Flow properties of cellulose and carboxymethyl cellulose from orange peel

Abstract

Cellulose was extracted with 10% NaOH at 35 °C for 22 h from defatted, protein, pectin and hemicellulose free, delignified orange peel. The combined effects of temperature and concentration on the viscosity of orange peel cellulose solutions were examined for a temperature range 20–60 °C and a concentration range 1–10 kg/m 3. Twenty-eight different models describing the combined effects of temperature and concentration on the viscosity were derived. Models were fitted to the experimental data and the model parameters were determined by nonlinear regression analysis.

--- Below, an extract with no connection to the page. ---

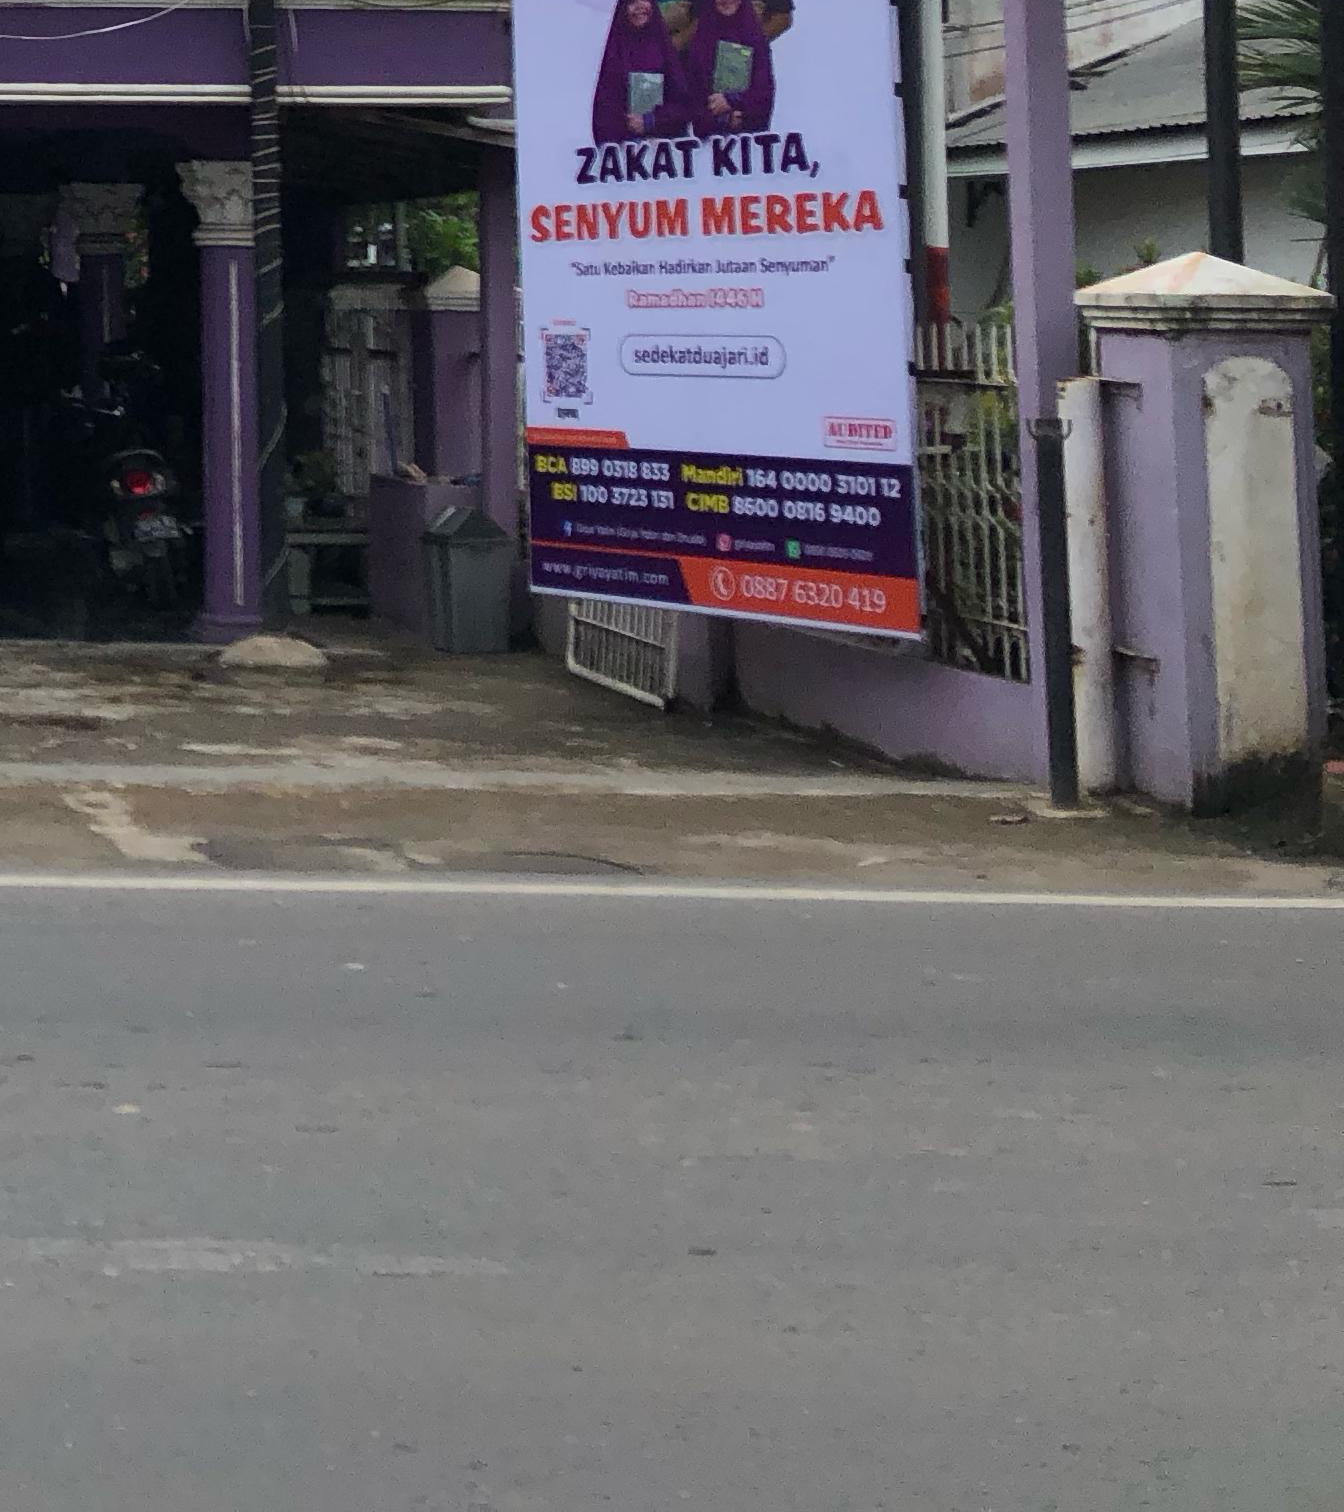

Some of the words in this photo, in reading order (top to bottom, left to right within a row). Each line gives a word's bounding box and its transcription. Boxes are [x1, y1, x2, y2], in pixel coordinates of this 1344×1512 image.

The orange peel cellulose was converted carboxymethyl cellulose (CMC) by etherification. The rheological properties of CMC from orange peel cellulose were determined using a rotational viscometer at five temperatures (10, 20, 30, 40 and 50 °C) and six concentrations (10, 15, 20, 25, 30, 35 kg/m 3), and it was found that CMC solutions exhibited pseudoplastic behaviour. Among the common rheological models, the power law model fits well the shear rate and shear stress data. The consistency index increased with concentration and decrease with temperature. The apparent viscosity was measured, at constant spindle speed, as a function of shearing time. It was found that the CMC solutions were described by the Weltman model and found to exhibit thixotropic behaviour.